## WORK REQUEST:
Nothing but the records, repeated word for word and free of pictures, belongs in the answer.
[DATA TO PROCESS Boundary: Start]
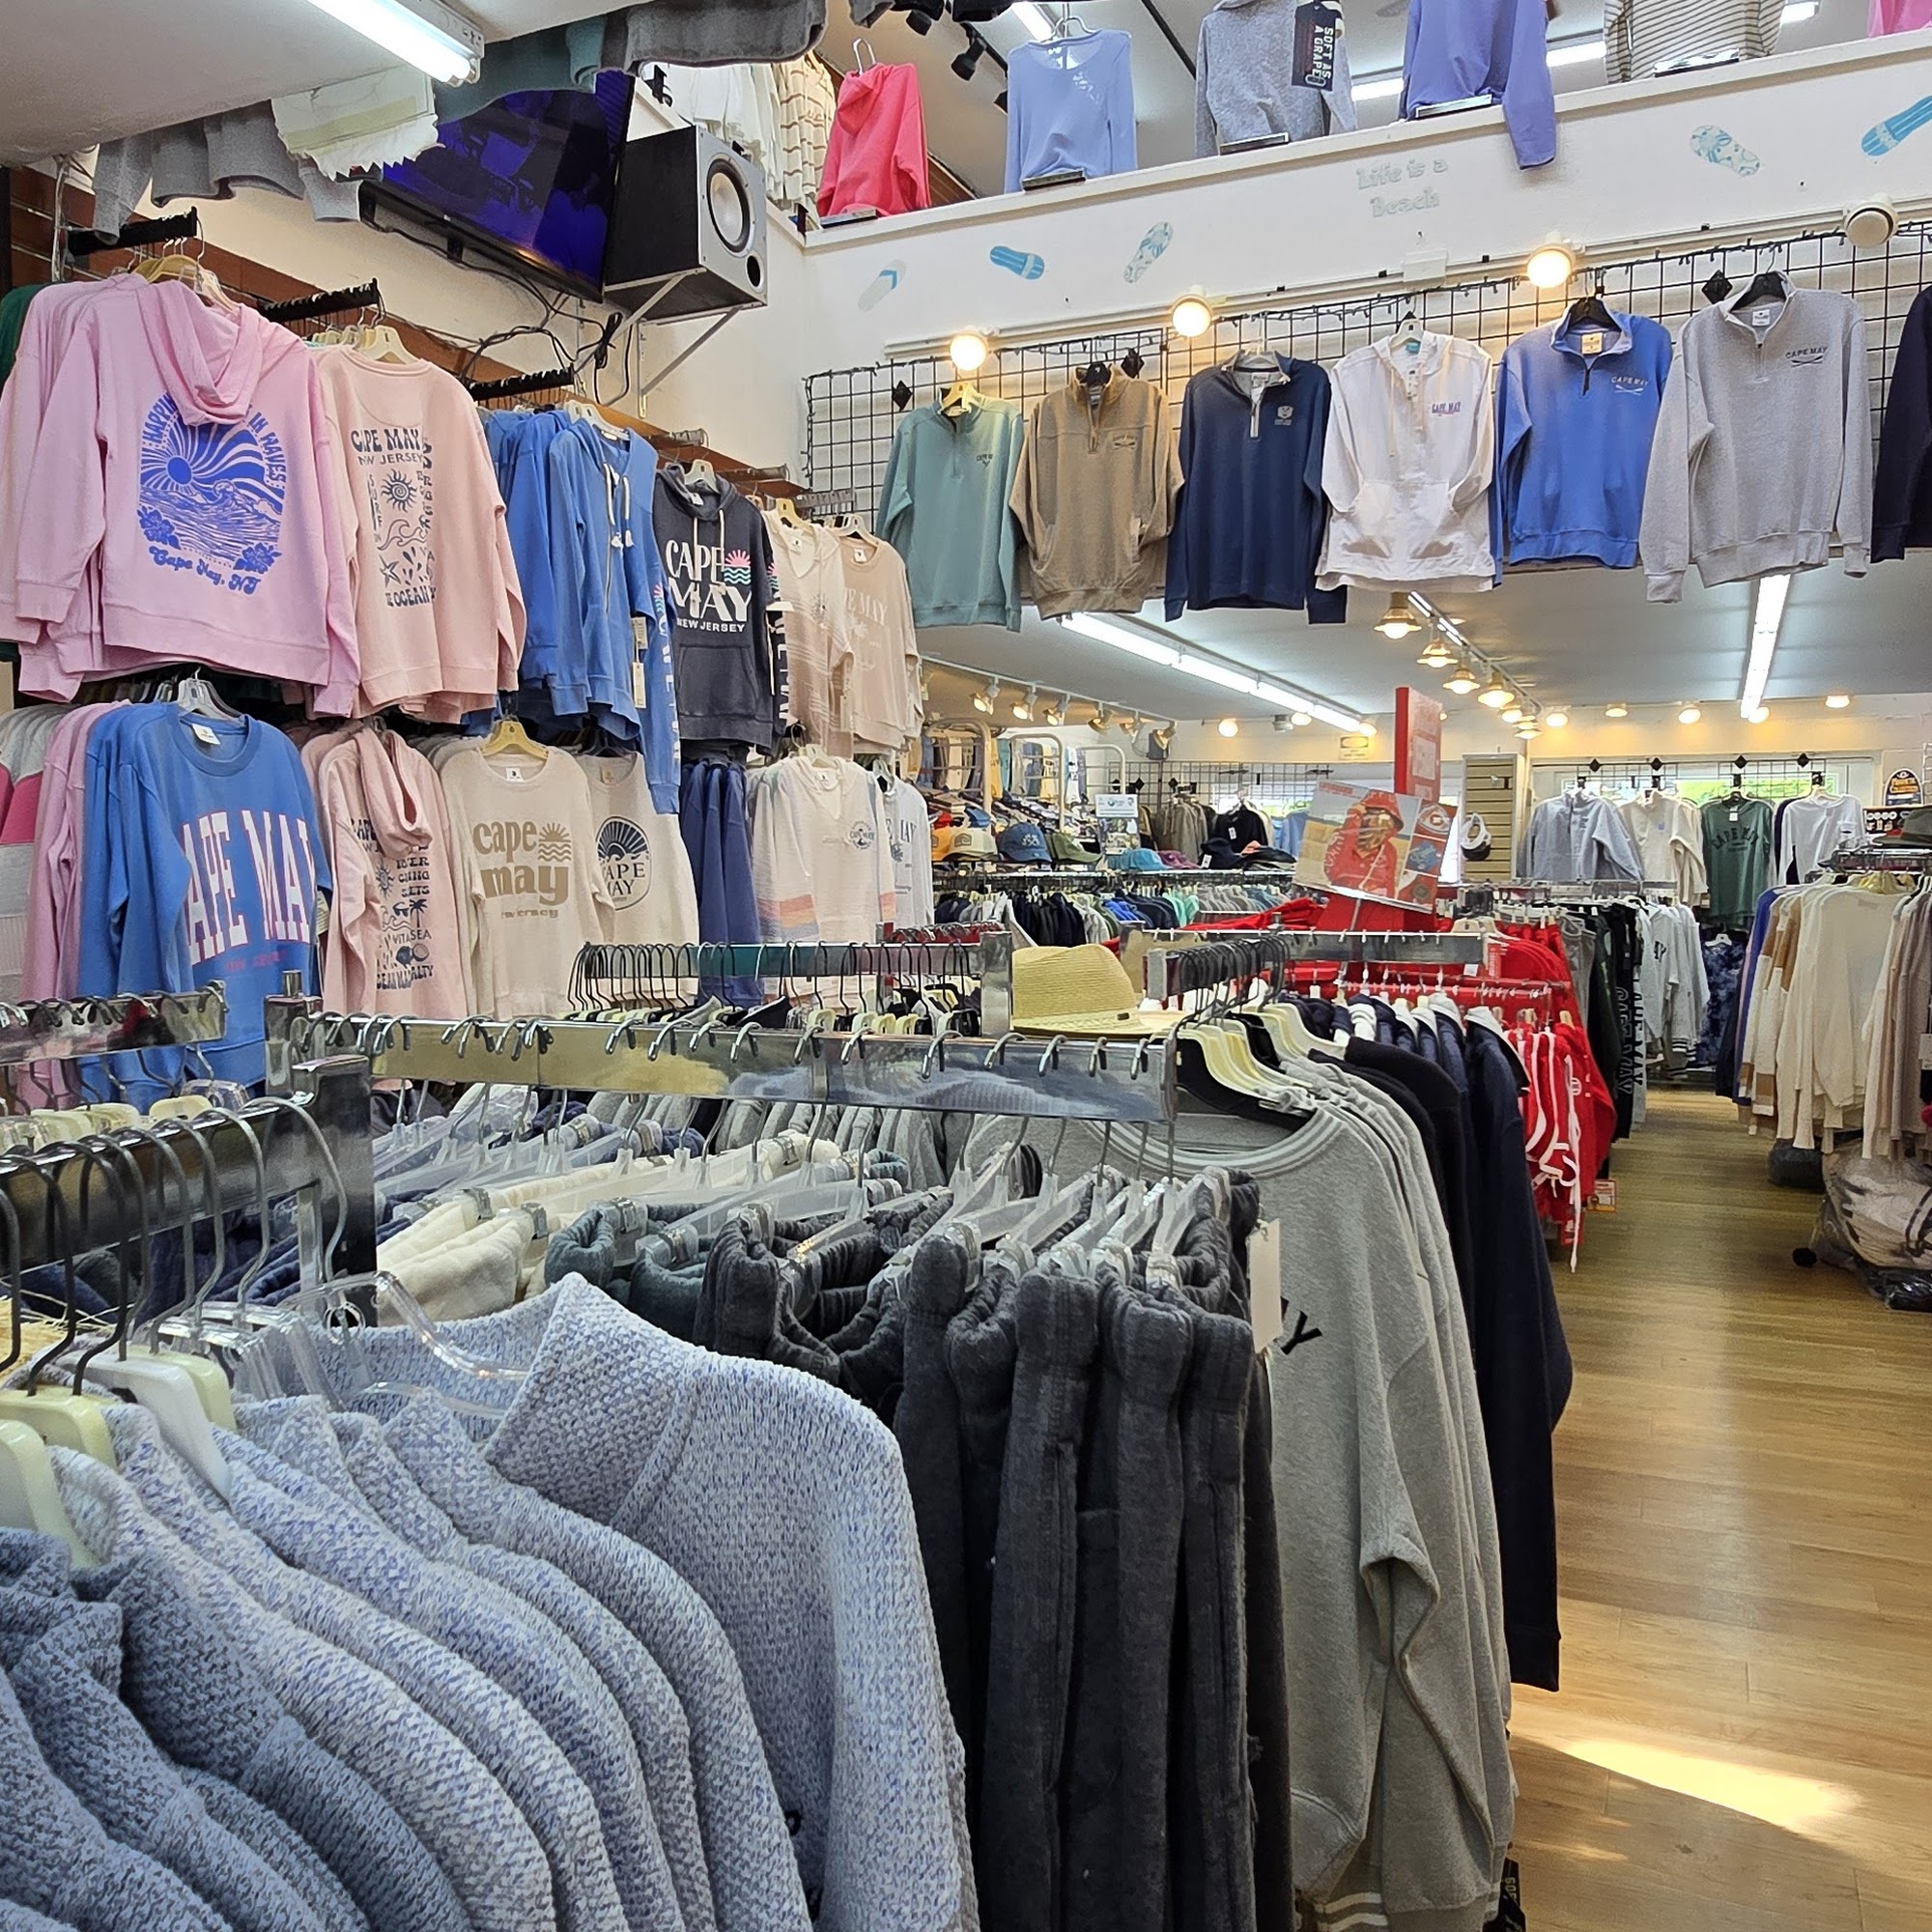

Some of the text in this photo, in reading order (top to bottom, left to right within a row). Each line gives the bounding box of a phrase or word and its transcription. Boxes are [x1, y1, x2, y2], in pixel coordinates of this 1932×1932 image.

[1312, 37, 1323, 77] GRAPE
[1321, 26, 1333, 79] SOFT AS
[1356, 161, 1403, 189] Life
[1406, 158, 1426, 179] is
[1370, 185, 1439, 218] Beach
[1785, 350, 1808, 359] CAPE
[142, 392, 287, 484] HAPPIN IN WAVES
[384, 428, 422, 451] MAY
[380, 452, 423, 466] JERSEY
[149, 545, 193, 571] Cape
[228, 573, 262, 595] NJ
[668, 577, 753, 623] MAY
[676, 618, 745, 633] NEW JERSEY
[472, 821, 537, 864] cape
[182, 810, 249, 965] APE
[480, 866, 569, 906] may
[411, 928, 432, 941] SEA
[411, 965, 433, 982] ALTY
[DATA TO PROCESS Boundary: End]
## YOUR RESPONSE:
Some of the text in this photo, in reading order (top to bottom, left to right within a row). Each line gives the bounding box of a phrase or word and its transcription. Boxes are [x1, y1, x2, y2], in pixel coordinates of this 1932×1932 image.

[1312, 37, 1323, 77] GRAPE
[1321, 26, 1333, 79] SOFT AS
[1356, 161, 1403, 189] Life
[1406, 158, 1426, 179] is
[1370, 185, 1439, 218] Beach
[1785, 350, 1808, 359] CAPE
[142, 392, 287, 484] HAPPIN IN WAVES
[384, 428, 422, 451] MAY
[380, 452, 423, 466] JERSEY
[149, 545, 193, 571] Cape
[228, 573, 262, 595] NJ
[668, 577, 753, 623] MAY
[676, 618, 745, 633] NEW JERSEY
[472, 821, 537, 864] cape
[182, 810, 249, 965] APE
[480, 866, 569, 906] may
[411, 928, 432, 941] SEA
[411, 965, 433, 982] ALTY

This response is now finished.